Whenever an image turns up, omit it and return the remaining data exactly.

• [Records supplied]
━━━━━━━━━━━━━━━━━━━━

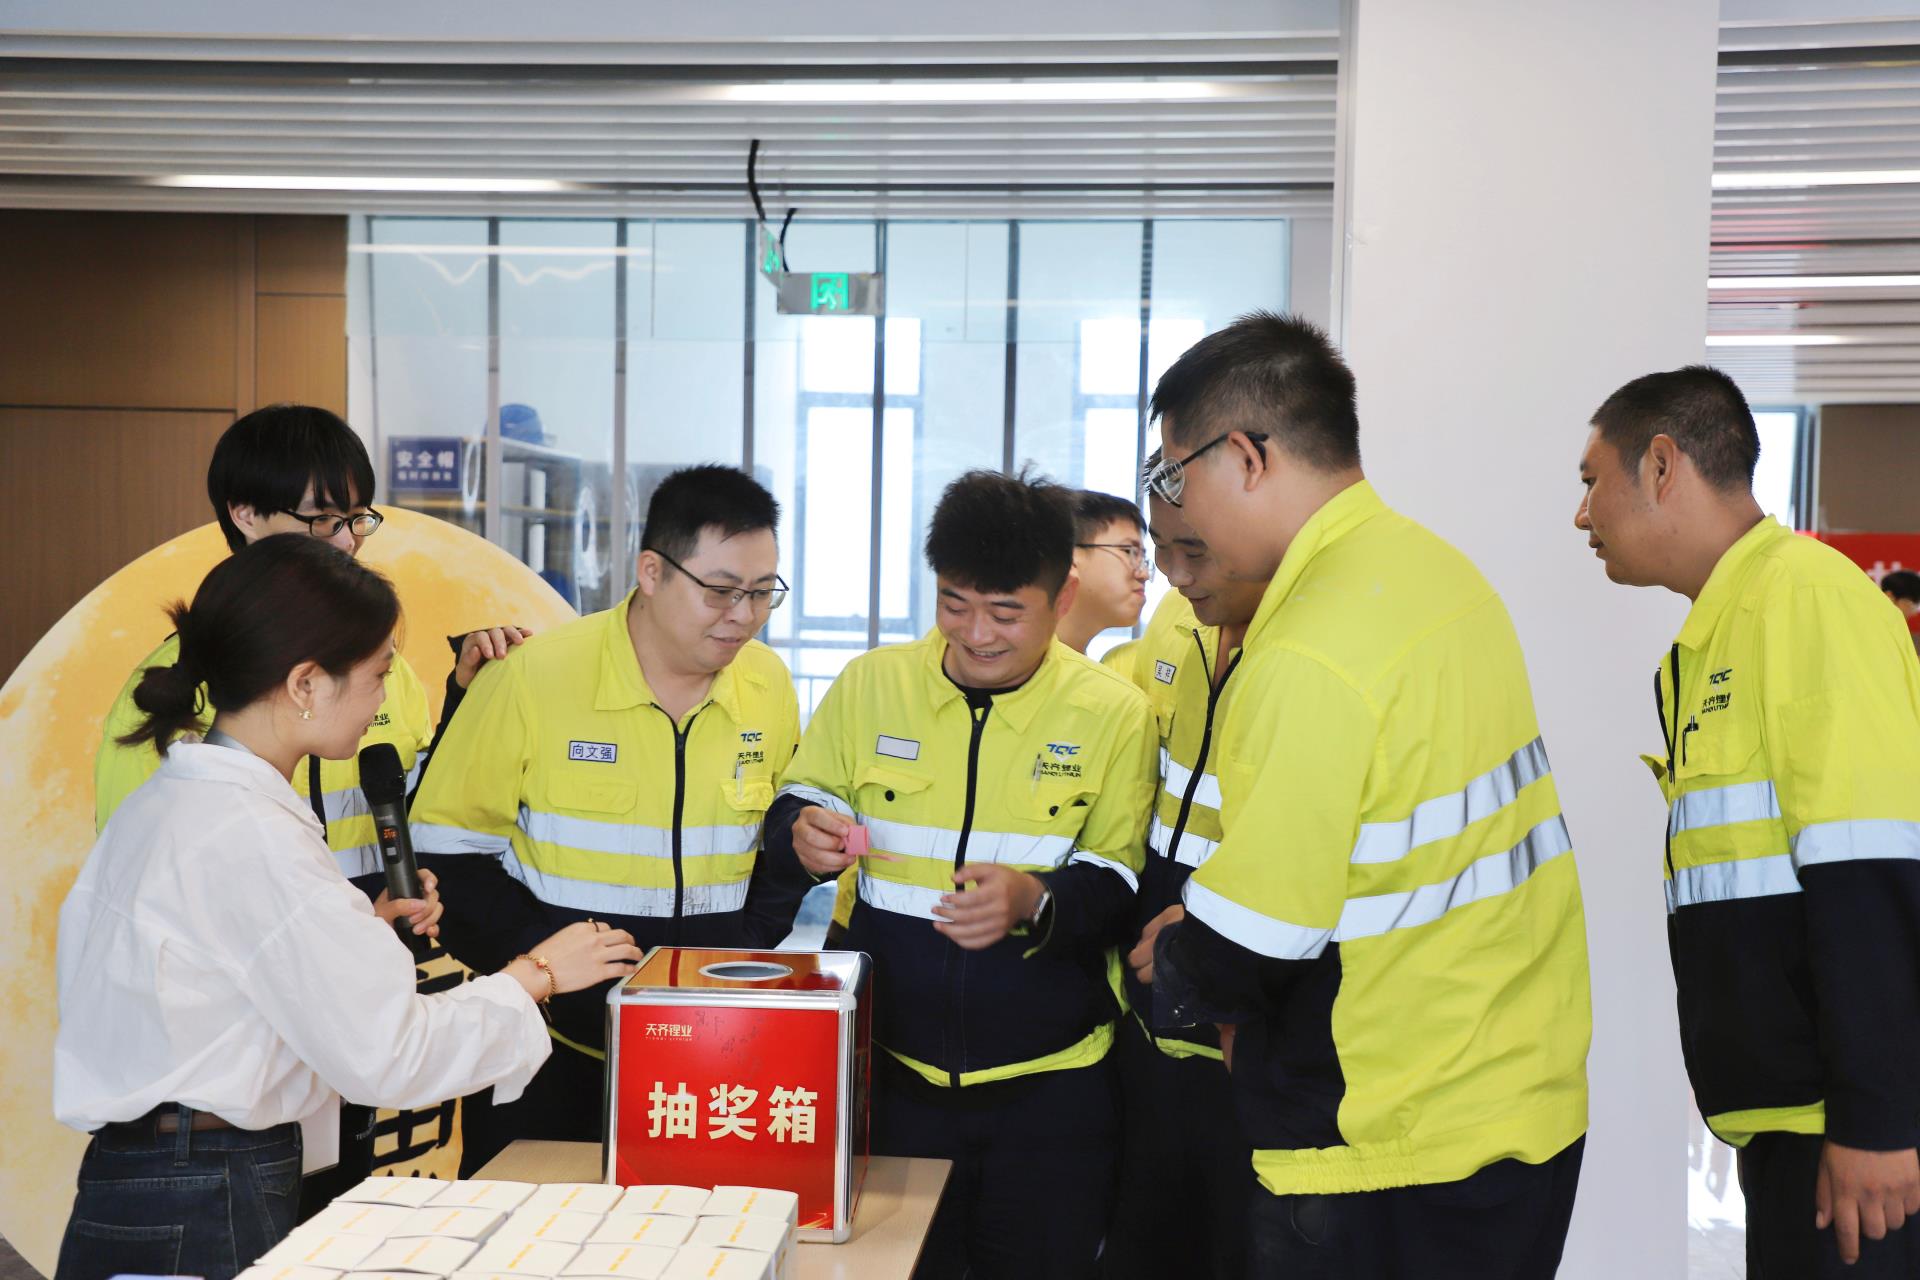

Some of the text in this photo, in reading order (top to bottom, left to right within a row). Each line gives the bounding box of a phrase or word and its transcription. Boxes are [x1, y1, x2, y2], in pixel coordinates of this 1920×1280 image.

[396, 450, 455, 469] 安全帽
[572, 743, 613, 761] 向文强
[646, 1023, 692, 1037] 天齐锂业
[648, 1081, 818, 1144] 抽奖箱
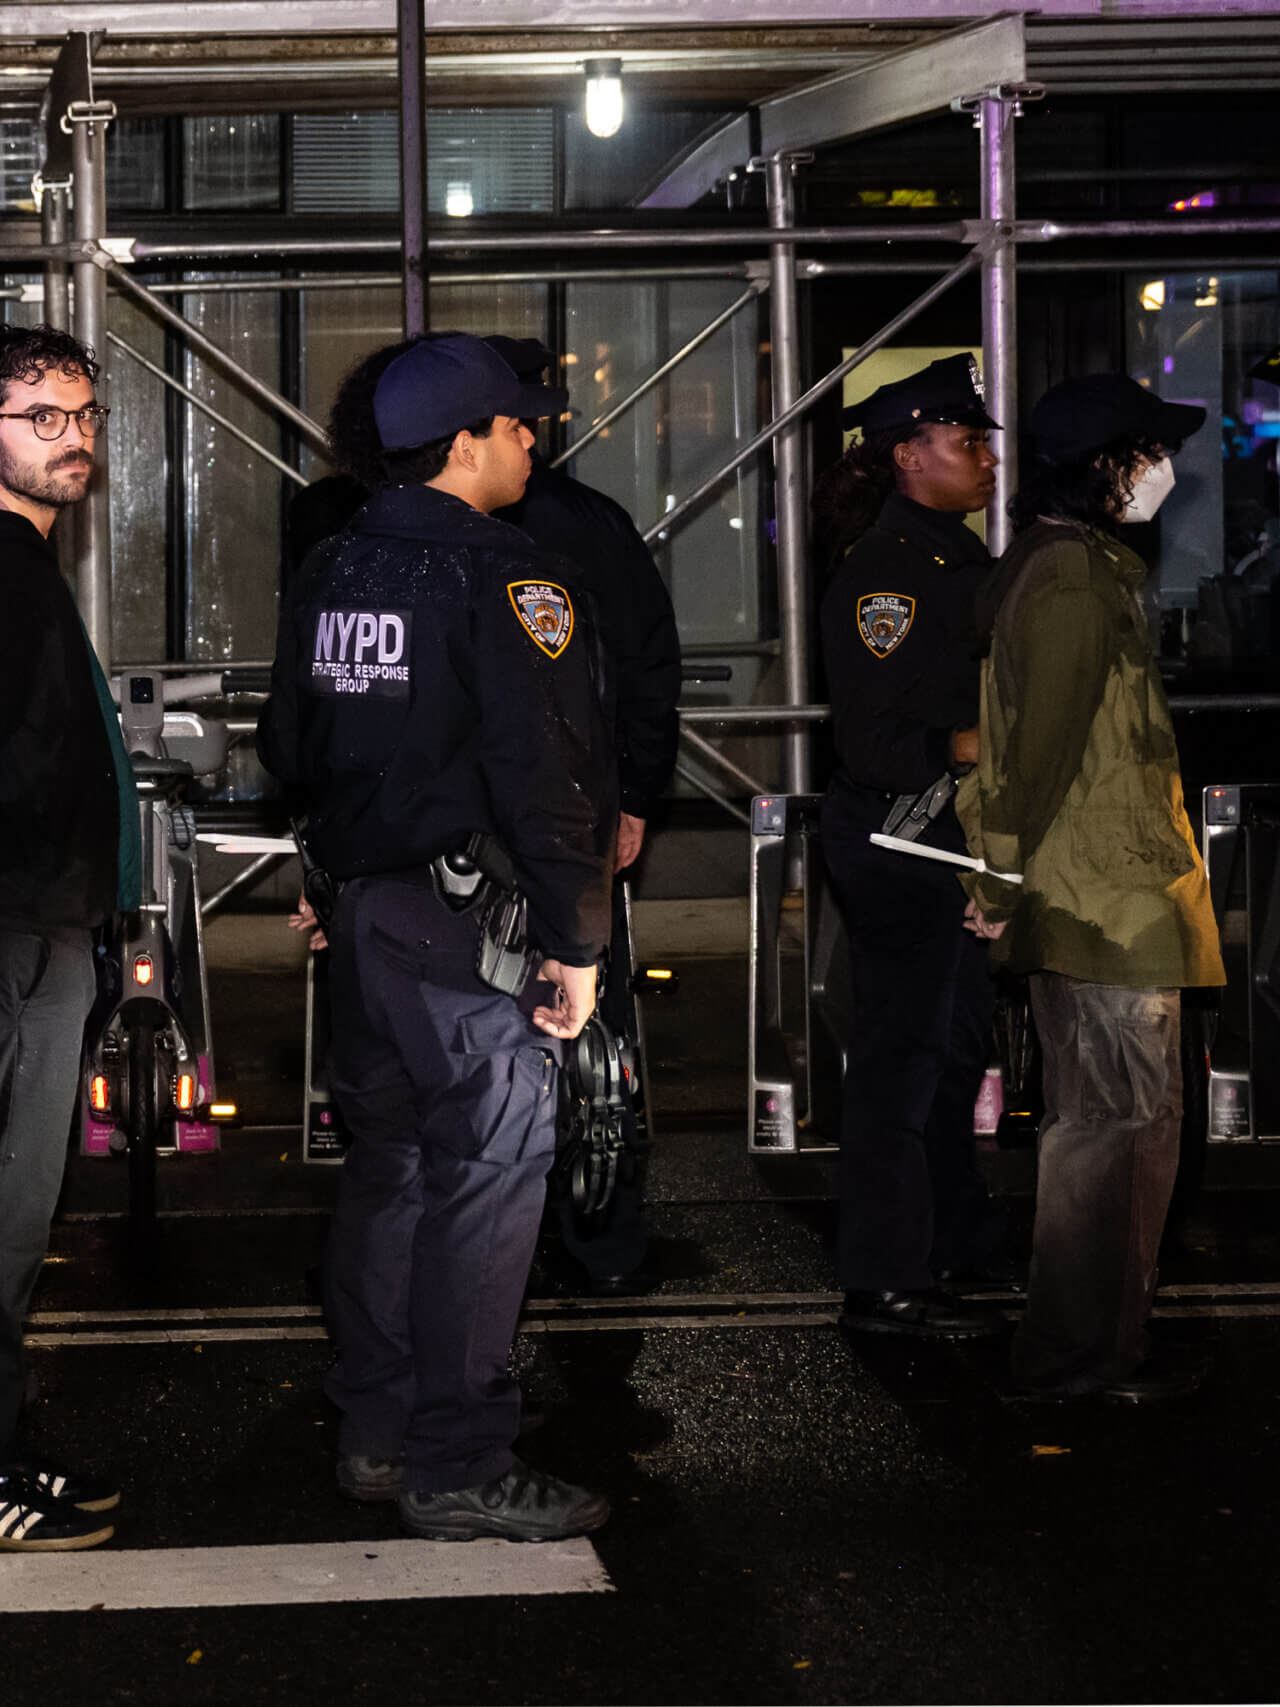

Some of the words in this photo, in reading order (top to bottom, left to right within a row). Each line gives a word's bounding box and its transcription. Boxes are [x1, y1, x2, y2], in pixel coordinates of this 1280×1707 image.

━━━━━━━━━━━━━━━━━━━━

• [Expected answer]
Some of the text in this photo, in reading order (top to bottom, left to right within a row). Each line gives the bounding box of a phrase or word and its transcription. Boxes are [x1, y1, x2, y2], in pixel coordinates of this 1920×1280 image.

[396, 450, 455, 469] 安全帽
[572, 743, 613, 761] 向文强
[646, 1023, 692, 1037] 天齐锂业
[648, 1081, 818, 1144] 抽奖箱

Some of the words in this photo, in reading order (top to bottom, left to right within a row). Each line gives a word's bounding box and its transcription. Boxes are [x1, y1, x2, y2], in pixel coordinates of this 1280×1707 image.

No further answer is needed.